What this task involves: From the first line to the last, restate the material word for word, omitting pictures.

◇ ◇ ◇

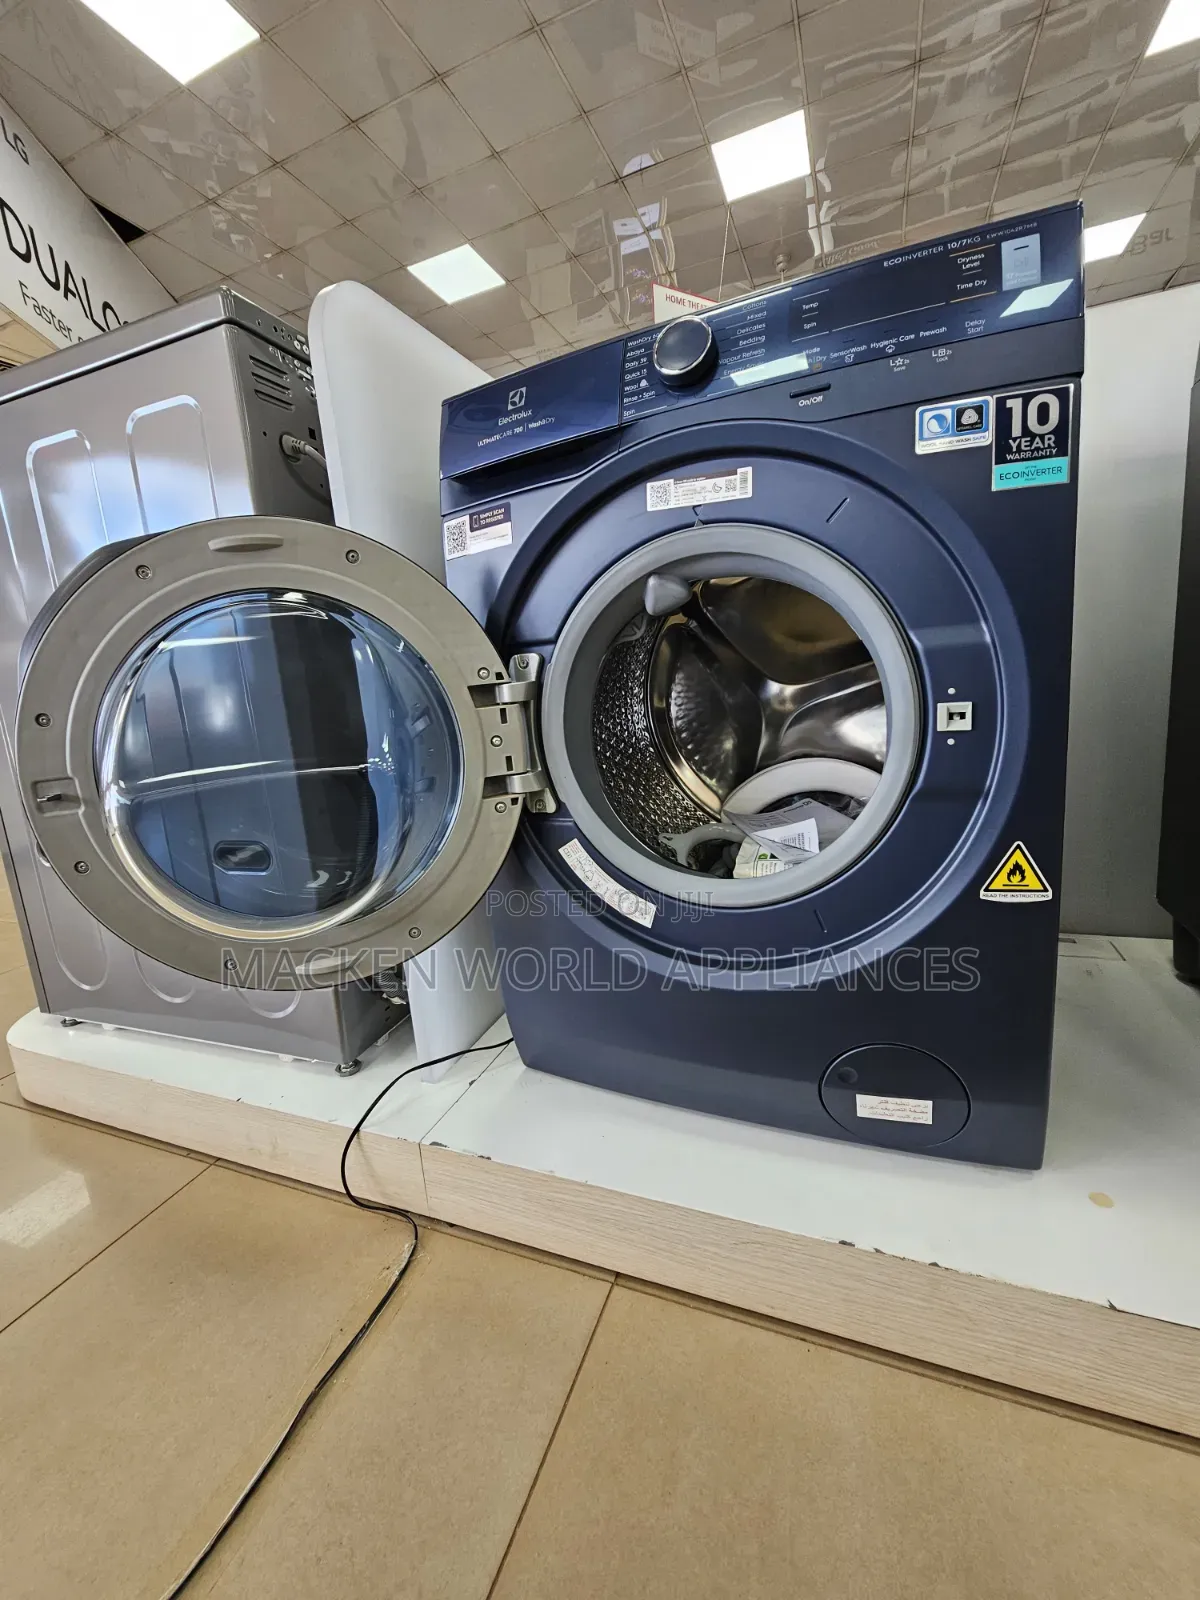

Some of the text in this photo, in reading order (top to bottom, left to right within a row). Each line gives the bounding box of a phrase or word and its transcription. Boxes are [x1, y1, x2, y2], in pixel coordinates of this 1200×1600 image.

[0, 115, 29, 166] LG
[883, 245, 944, 268] ECOINVERTER
[947, 235, 982, 250] 10/7KG
[957, 252, 985, 264] Dryness
[962, 260, 981, 270] Level
[956, 279, 988, 291] Time Dry
[665, 293, 686, 307] HOME
[18, 279, 73, 342] Faster
[802, 302, 819, 311] Temp
[747, 311, 767, 320] Mixed
[736, 322, 766, 335] Delicates
[803, 321, 817, 330] Spin
[965, 318, 986, 328] Delay
[919, 326, 947, 338] Prewash
[967, 325, 984, 334] Start
[739, 335, 766, 346] Bedding
[870, 333, 915, 349] Hygienic Care
[626, 348, 645, 357] Abaya
[742, 348, 766, 359] Refresh
[830, 344, 868, 359] SensorWash
[625, 361, 639, 369] Daily
[936, 355, 948, 363] Lock
[893, 364, 906, 372] Save
[624, 371, 640, 380] Quick
[624, 383, 639, 391] Wool
[623, 396, 638, 404] Rinse
[643, 390, 656, 398] Spin
[798, 395, 824, 407] On/Off
[498, 409, 533, 426] Electrolux
[623, 408, 636, 417] Spin
[1006, 393, 1060, 437] 10
[513, 427, 523, 435] 700
[1008, 434, 1055, 452] YEAR
[1005, 447, 1058, 461] WARRANTY
[999, 465, 1062, 481] ECOINVERTER

◇ ◇ ◇

Completed task:
Some of the text in this photo, in reading order (top to bottom, left to right within a row). Each line gives the bounding box of a phrase or word and its transcription. Boxes are [x1, y1, x2, y2], in pixel coordinates of this 1200×1600 image.

[0, 115, 29, 166] LG
[883, 245, 944, 268] ECOINVERTER
[947, 235, 982, 250] 10/7KG
[957, 252, 985, 264] Dryness
[962, 260, 981, 270] Level
[956, 279, 988, 291] Time Dry
[665, 293, 686, 307] HOME
[18, 279, 73, 342] Faster
[802, 302, 819, 311] Temp
[747, 311, 767, 320] Mixed
[736, 322, 766, 335] Delicates
[803, 321, 817, 330] Spin
[965, 318, 986, 328] Delay
[919, 326, 947, 338] Prewash
[967, 325, 984, 334] Start
[739, 335, 766, 346] Bedding
[870, 333, 915, 349] Hygienic Care
[626, 348, 645, 357] Abaya
[742, 348, 766, 359] Refresh
[830, 344, 868, 359] SensorWash
[625, 361, 639, 369] Daily
[936, 355, 948, 363] Lock
[893, 364, 906, 372] Save
[624, 371, 640, 380] Quick
[624, 383, 639, 391] Wool
[623, 396, 638, 404] Rinse
[643, 390, 656, 398] Spin
[798, 395, 824, 407] On/Off
[498, 409, 533, 426] Electrolux
[623, 408, 636, 417] Spin
[1006, 393, 1060, 437] 10
[513, 427, 523, 435] 700
[1008, 434, 1055, 452] YEAR
[1005, 447, 1058, 461] WARRANTY
[999, 465, 1062, 481] ECOINVERTER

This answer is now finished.